Home > Other > The Great Fire of Rome: The Fall of the Emperor Nero and His City > Page 15
The Great Fire of Rome: The Fall of the Emperor Nero and His City Page 15

by Dando-Collins, Stephen


  The Temple of Ceres stood on the slopes of the Aventine Hill. Like every other structure on the hill, the temple had been seriously damaged during the previous year’s fire, just as it had been in a 31 BC blaze. With the temples of Rome receiving first priority in the rebuilding process, and with Ceres being one of the four deities that the Sibylline reading had identified as requiring special attention, the almost six-hundred-year-old Temple of Ceres would have been quickly restored as part of Nero’s reconstruction program.

  In going to the temple on the assassination day, Piso would be unlikely to arouse any unusual interest or suspicion from anyone who saw him. But Piso had an ulterior motive for choosing this place, of all places, to spend the time awaiting news of the murder of his emperor.
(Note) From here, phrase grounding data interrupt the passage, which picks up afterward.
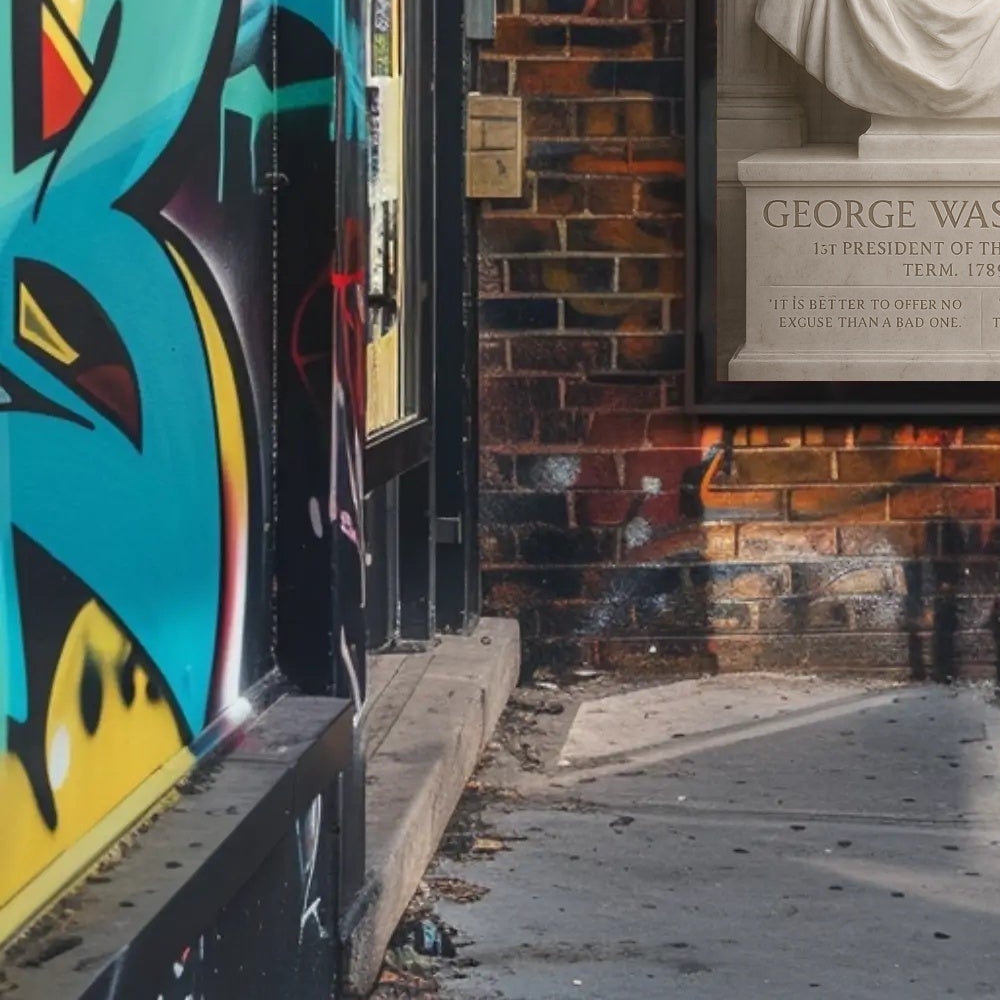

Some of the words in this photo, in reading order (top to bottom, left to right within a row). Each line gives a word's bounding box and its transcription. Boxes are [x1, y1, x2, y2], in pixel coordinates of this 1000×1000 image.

[763, 199, 917, 229] GEORGE
[842, 241, 945, 256] PRESIDENT
[950, 241, 974, 256] OF
[902, 263, 958, 277] TERM.
[809, 298, 865, 310] BETTER
[870, 298, 891, 310] TO
[894, 298, 937, 310] OFFER
[941, 298, 963, 310] NO
[838, 316, 879, 328] THAN
[882, 316, 892, 328] A
[896, 316, 925, 328] BAD
[929, 316, 962, 328] ONE.
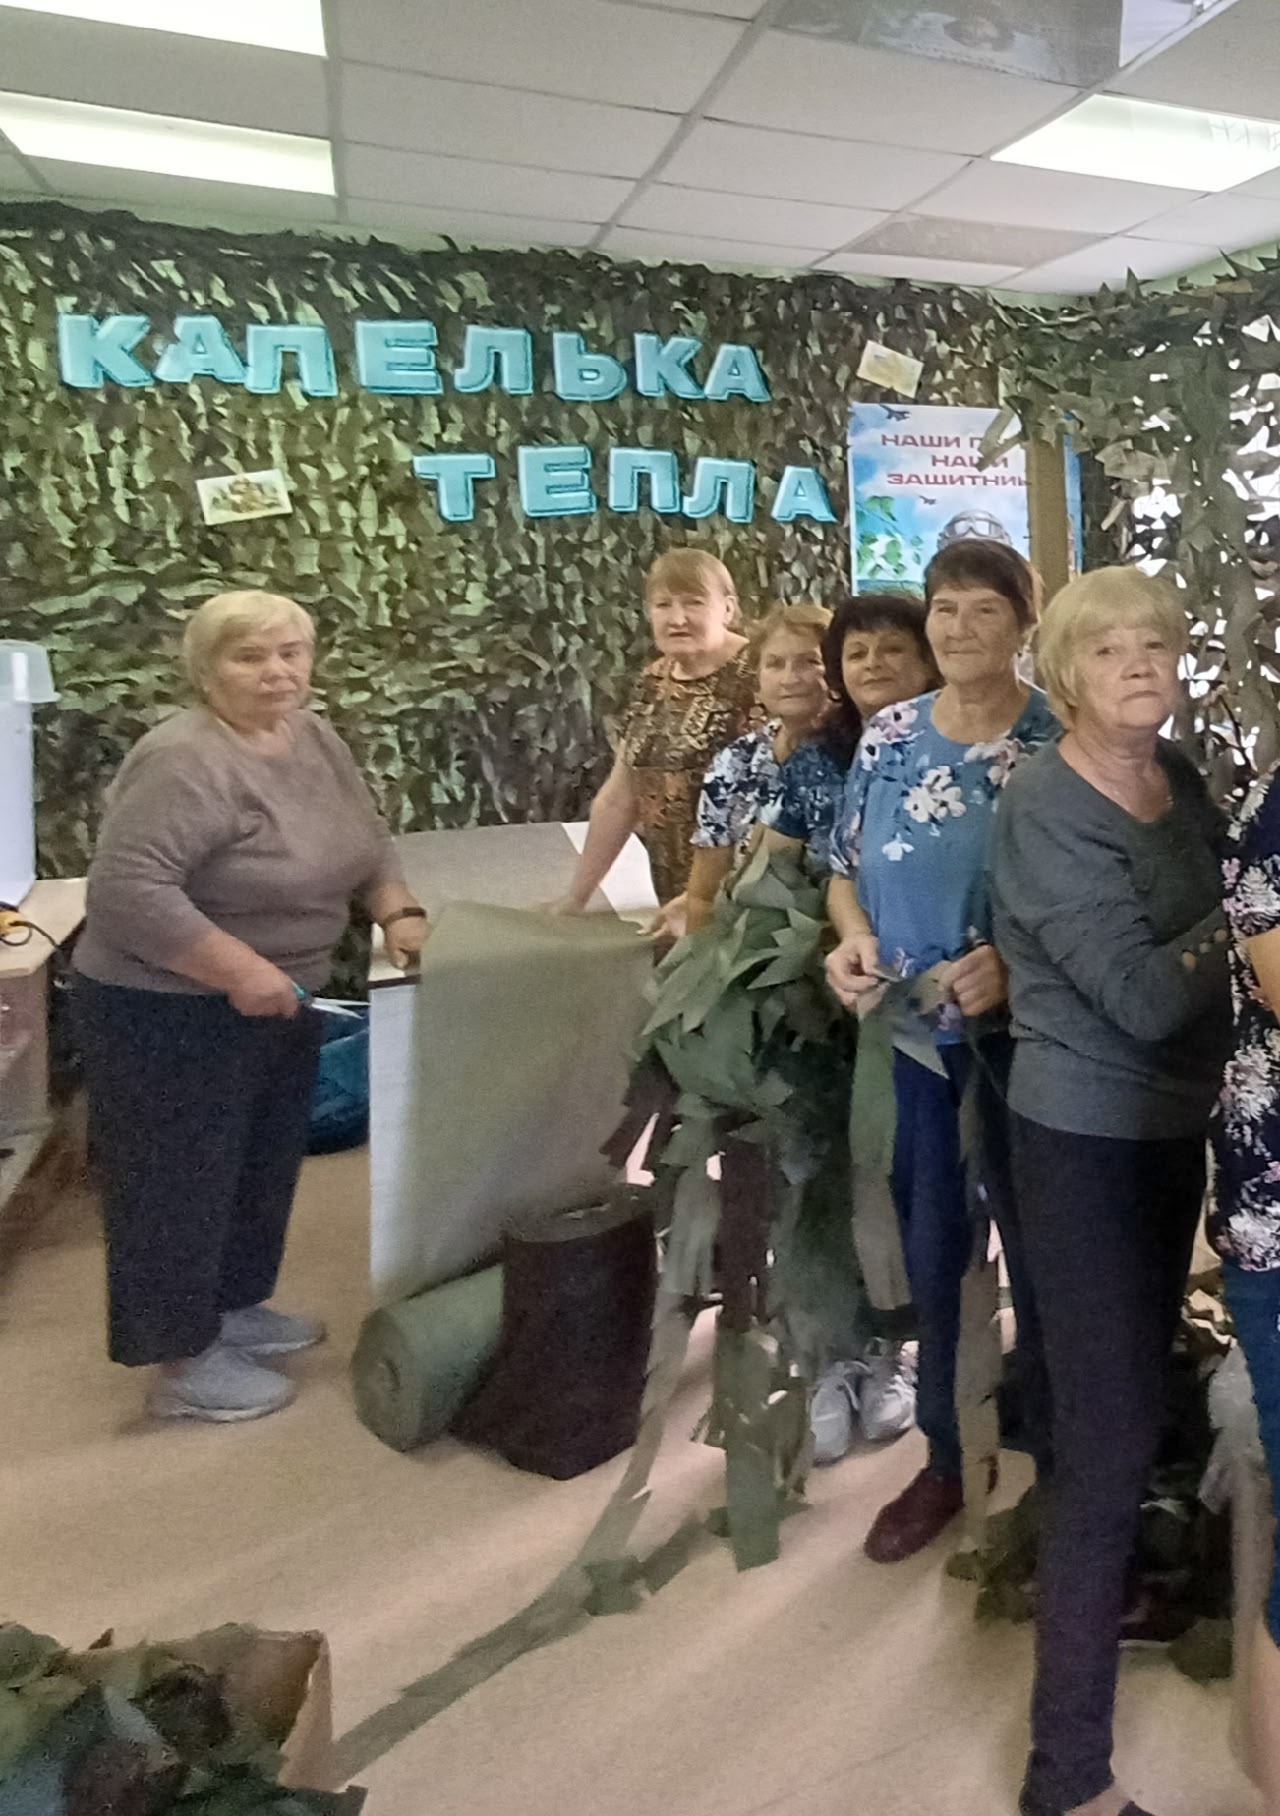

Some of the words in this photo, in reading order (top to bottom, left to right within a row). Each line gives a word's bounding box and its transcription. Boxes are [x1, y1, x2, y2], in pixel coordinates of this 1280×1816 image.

The Temple of Ceres was the headquarters of the plebeian aediles and was also legally a place of sanctuary. No person claiming the protection of the goddess while in the precincts of her temple could be arrested. This was Piso’s insurance policy, for he was wracked with doubts and fears about the fate of the plot. If all went awry, Piso at least could hope to escape arrest and execution, by claiming the protection of the sanctuary.
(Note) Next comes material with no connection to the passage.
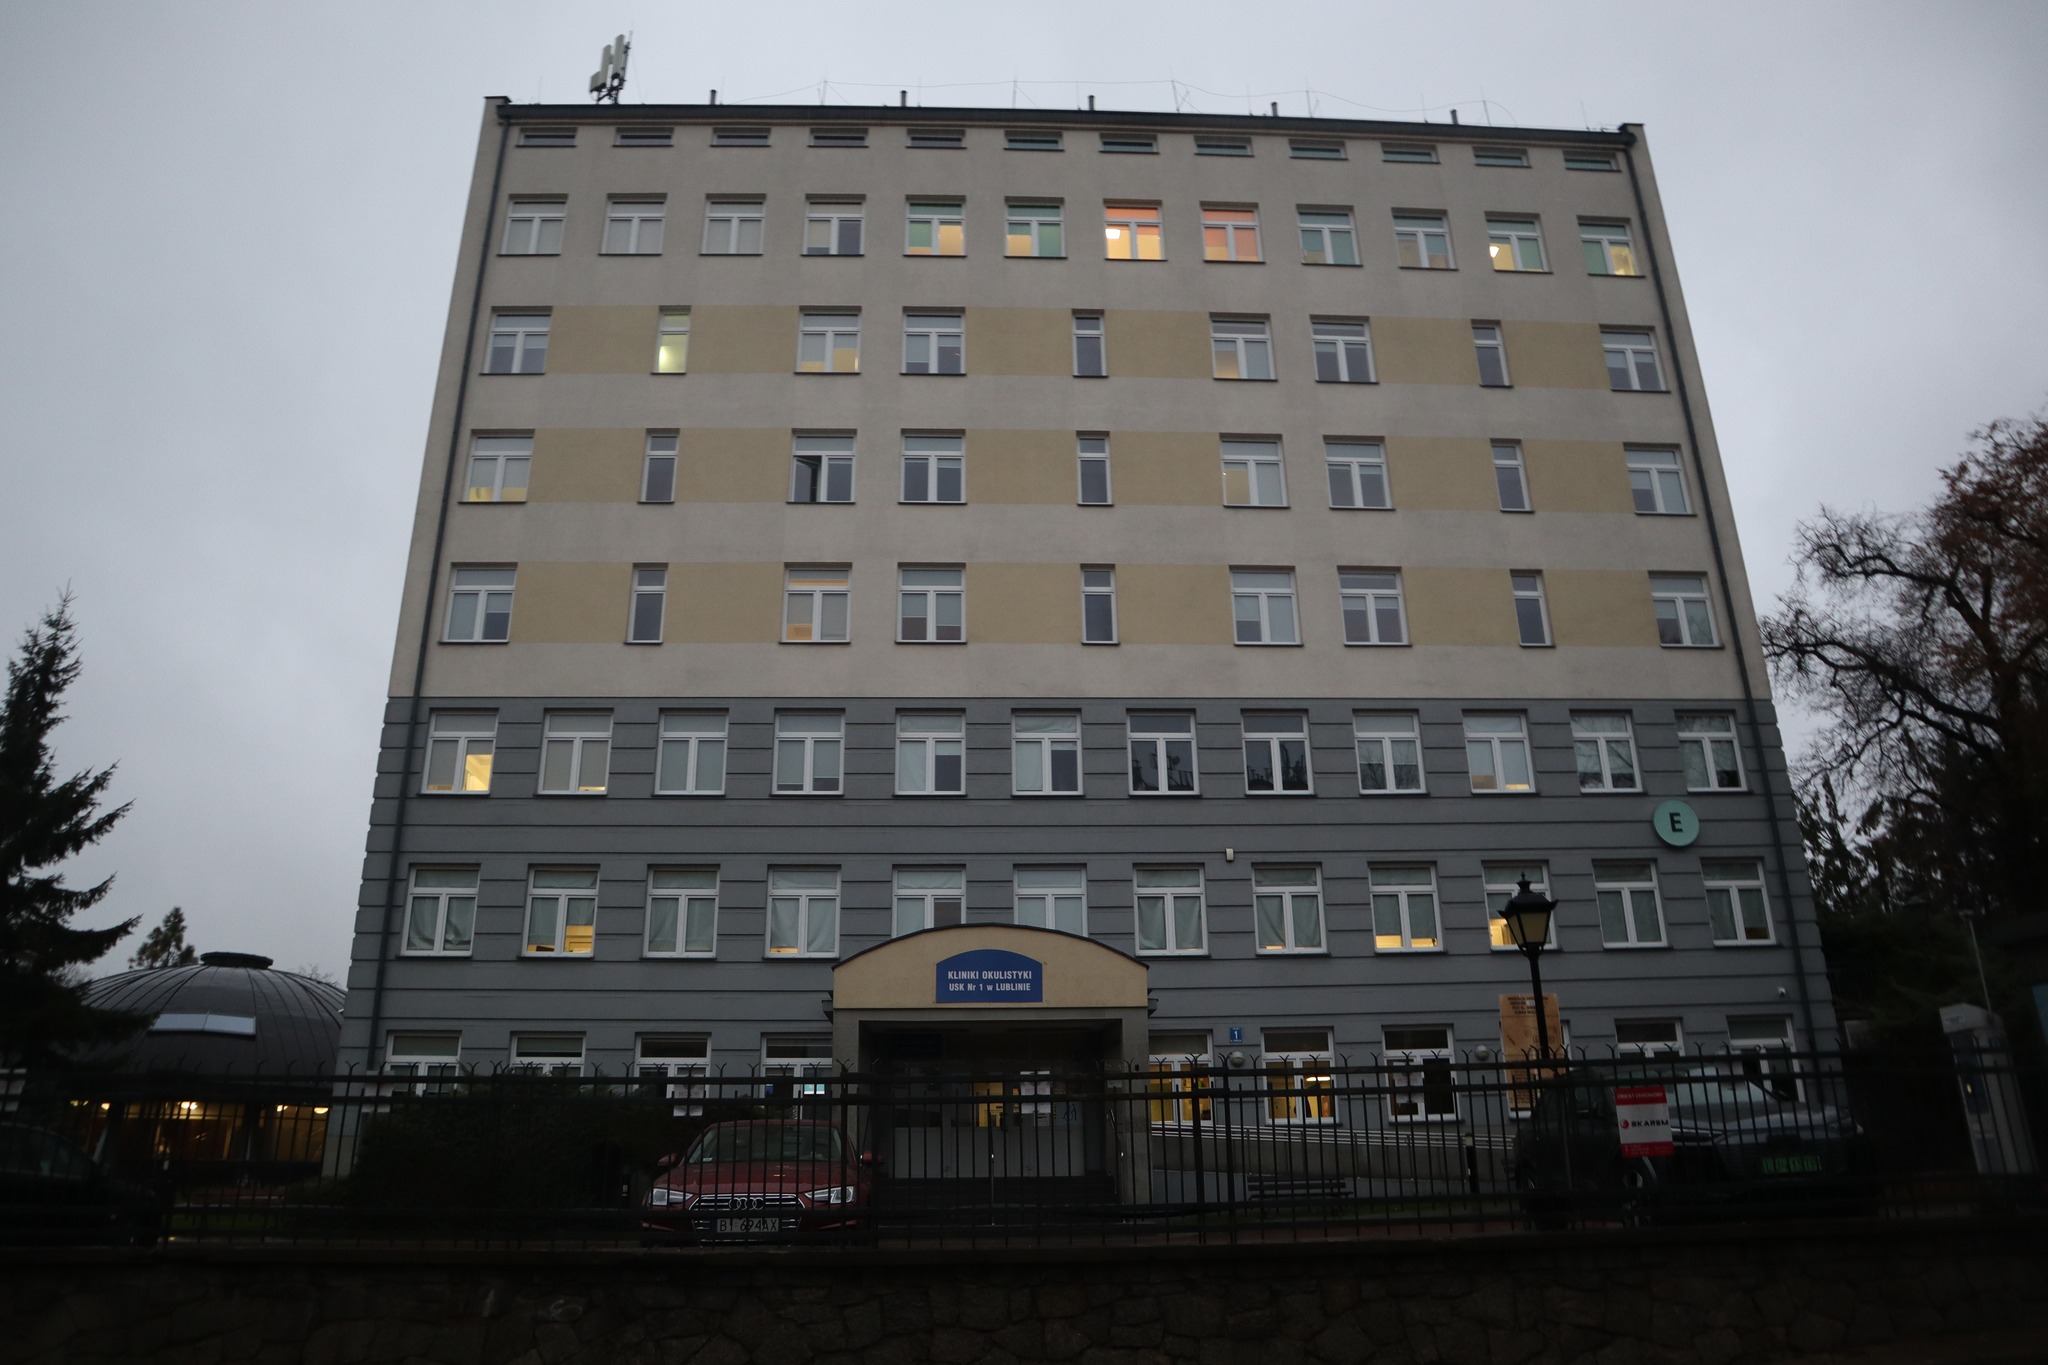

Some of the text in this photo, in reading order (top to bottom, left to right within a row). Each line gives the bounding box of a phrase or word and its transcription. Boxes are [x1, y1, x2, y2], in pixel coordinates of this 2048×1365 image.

  Infected with this fear of failure, the plot to assassinate Nero Caesar went forward.

  Before dawn on April 18, Flavius Scaevinus, the conspirator who had claimed the honor of striking the first blow against Nero, did the rounds of his patrons, then called on Antonius Natalis, the conspiratorial ring’s principal go-between. After sending away the servants, the pair spent a long time discussing the arrangements for the assassination they intended carrying out the following day. Only when he was convinced that every detail had been covered did Scaevinus go home to make his own final preparations.

  Methodically, Scaevinus tidied up his affairs. Taking out his last will and testament, he read it, assured himself that it contained all that it should, then closed it with his seal. After handing the sealed will to Milichus, his chief freedman, for safekeeping, Scaevinus reached beneath his tunic and brought into the light of day the sheathed dagger that had been suspended around his neck for weeks. For the first time since he had taken it from the Temple of Fortune, Scaevinus slid the ancient dagger from its sheath. A scowl came over his face, as he saw that the blade was blunted by rust. This was the blade that he intended plunging into the heart of Nero at the races next day, and he wanted it to enter the tyrant’s flesh with ease.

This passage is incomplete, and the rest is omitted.